[WORK ORDER] Each line of the data must be given back verbatim, with pictures removed.

[LISTED ENTRIES]
+++

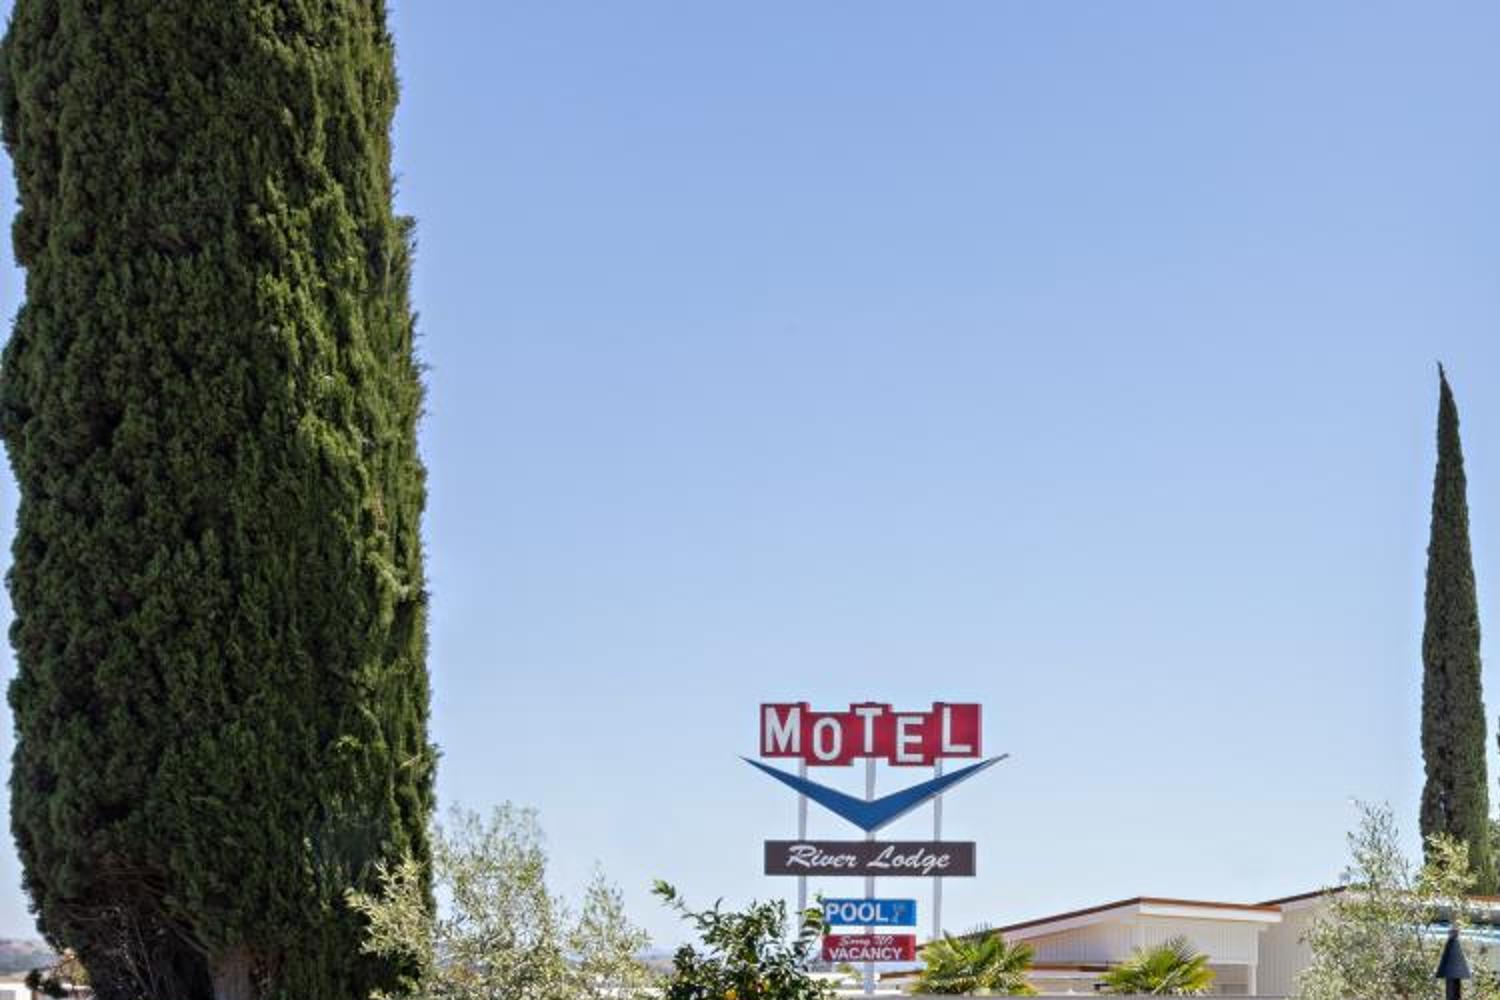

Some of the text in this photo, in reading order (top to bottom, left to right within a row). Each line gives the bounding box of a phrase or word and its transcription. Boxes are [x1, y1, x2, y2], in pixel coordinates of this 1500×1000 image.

[765, 707, 972, 762] MOTEL
[785, 845, 951, 875] River Lodge
[825, 902, 889, 923] POOL
[828, 947, 903, 961] VACANCY

+++

[TASK RESPONSE]
Some of the text in this photo, in reading order (top to bottom, left to right within a row). Each line gives the bounding box of a phrase or word and its transcription. Boxes are [x1, y1, x2, y2], in pixel coordinates of this 1500×1000 image.

[765, 707, 972, 762] MOTEL
[785, 845, 951, 875] River Lodge
[825, 902, 889, 923] POOL
[828, 947, 903, 961] VACANCY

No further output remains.